Docosahexaenoic acid (DHA) is a critical omega 3 long chain polyunsaturated fatty acid (LCPUFA) for fetal brain development. We have recently reported that maternal obesity reduces placental transport capacity for LysophosPhatidylCholine-DHA (LPC-DHA), a preferred form for transfer of DHA to the fetal brain, but only in male fetuses. Other important lipids, the plasmalogen phosphatidylcholine (PC) and phosphatidylethanolamine (PE) are considered DHA reservoirs, but its roles in the maternal­fetal unit are largely unexplored.

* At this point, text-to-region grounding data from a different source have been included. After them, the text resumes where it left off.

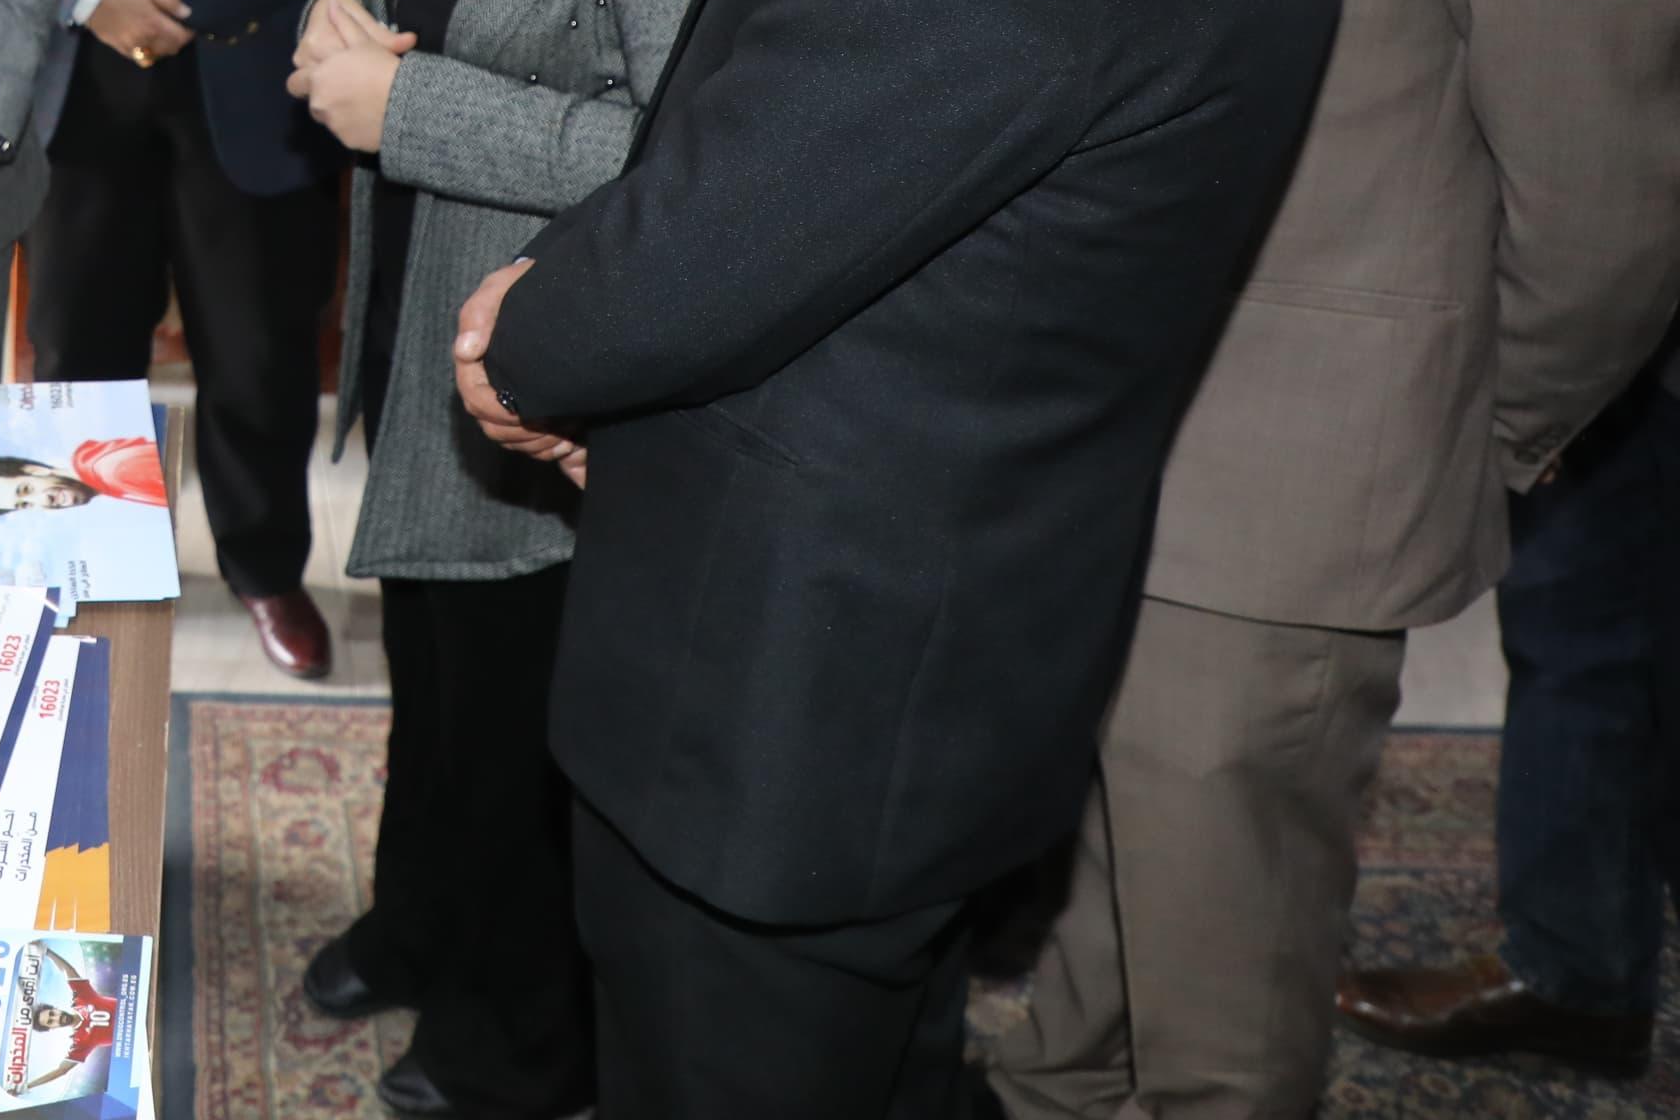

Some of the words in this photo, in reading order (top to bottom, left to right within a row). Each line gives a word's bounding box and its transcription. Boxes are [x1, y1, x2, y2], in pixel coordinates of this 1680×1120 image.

[39, 680, 61, 718] 16023
[25, 811, 38, 837] من
[15, 838, 33, 882] المخدرات
[89, 1010, 111, 1027] 10
[6, 1027, 28, 1085] المخدرات

We examined these lipid species in maternal and fetal circulation and in placental tissue to uncover potential novel roles for ether and plasmalogen lipids in the regulation of placenta delivery of these vital nutrients in pregnancies complicated by obesity depending of fetal sex. We demonstrated for the first time, that female fetuses of obese mothers decrease placental ether and plasmalogen PE containing DHA and arachidonic acid (ARA, omega 6), and show a high fetal­placental adaptability and placental reserve capacity that can maintain the PC-LCPUFA synthesis and the transfer of these crucial species to the fetus to preserve brain development. Our study also demonstrated that male fetuses, in response to maternal obesity, reduce the placental ester PC species containing DHA and ARA and reduce the ether and plasmalogen PE reservoir of DHA and ARA in fetal circulation. Our findings support a fetal sex effect in placental ester, ether and plasmalogen PE and PC containing DHA in response to maternal obesity which appears to reflect an ability of female placentas to adapt to maintain optimal fetal DHA transfer in maternal obesity.